POLITICS

COSATU rejects Sanral’s legal bullying of Gauteng motorists

Federation says only solution to e-toll problem is to listen to the people and scrap them

COSATU rejects Sanral’s legal bullying of Gauteng motorists

22 March 2016

The latest threat by Sanral that Gauteng motorists, who refuse to pay their e-toll debt, will be issued with civil summons is an extreme form of bureaucratic bullying and arrogance. COSATU rejects and denounces this form of social harassment and condescension and calls on government to reign in their marauding state entity, Sanral.

The Gauteng motorists are not going to be held liable or shoulder responsibility for government’s decision to implement a policy ,which has been unanimously rejected by the overwhelming majority of Gauteng residents. To use legal threats and coercion in an attempt to bully people into submission will not work ,but it will result in the further wastage of our resources.

Sanral will further waste taxpayer’s money to hire a bureaucratic workforce, to engage in this futile exercise of serving summons to the Gauteng motorists. This will strain the relations between the people and their government.

This is defocusing the discourse away from the need to develop an integrated public transport model. This country needs a safe, reliable and affordable transport system that will improve the efficiency of the public transport and make it a mode of choice for everyone.

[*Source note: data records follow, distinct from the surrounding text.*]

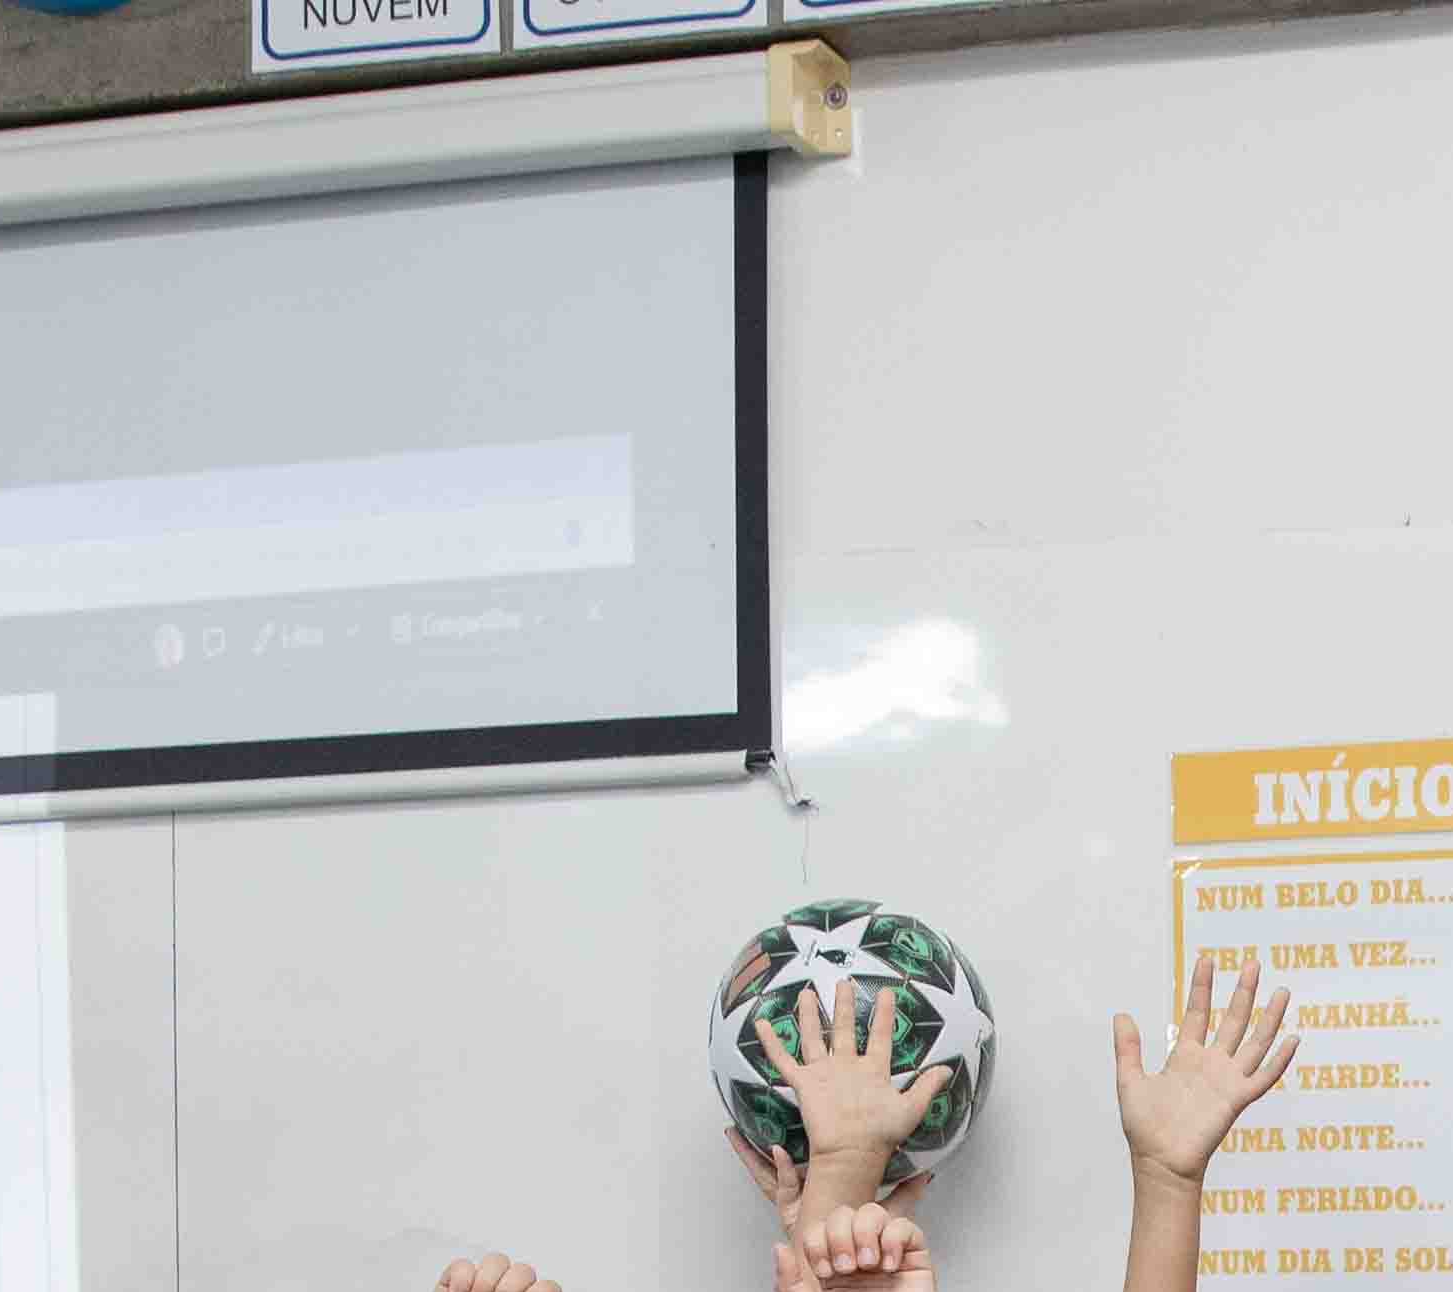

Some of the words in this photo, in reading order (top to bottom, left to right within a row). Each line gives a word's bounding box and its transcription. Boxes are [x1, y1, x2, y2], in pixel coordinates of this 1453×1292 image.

[1196, 885, 1264, 912] NUM
[1275, 880, 1359, 910] BELO
[1271, 942, 1338, 970] UMA
[1349, 939, 1436, 967] VEZ...
[1297, 995, 1441, 1029] MANHÃ...
[1297, 1063, 1430, 1090] TARDE...
[1296, 1124, 1425, 1152] NOITE...
[1199, 1189, 1267, 1217] NUM
[1277, 1185, 1445, 1214] FERIADO...
[1198, 1250, 1267, 1276] NUM
[1277, 1248, 1333, 1274] DIA
[1343, 1247, 1384, 1273] DE

The apartheid spatial planning has left us with a legacy of the black majority that stays far away from their workplaces. These workers spend more than a quarter of their salaries on transport costs. For Sanral to force them to pay for illegally privatised roads  is criminal both and incomprehensible.

COSATU reiterates its position that our highways are a national asset, which provide a vital public service for all South Africans. We will continue to oppose the insincere and illegitimate efforts to privatise them. The only solution to the e-toll problem is for government to listen to the people and totally scrap them.  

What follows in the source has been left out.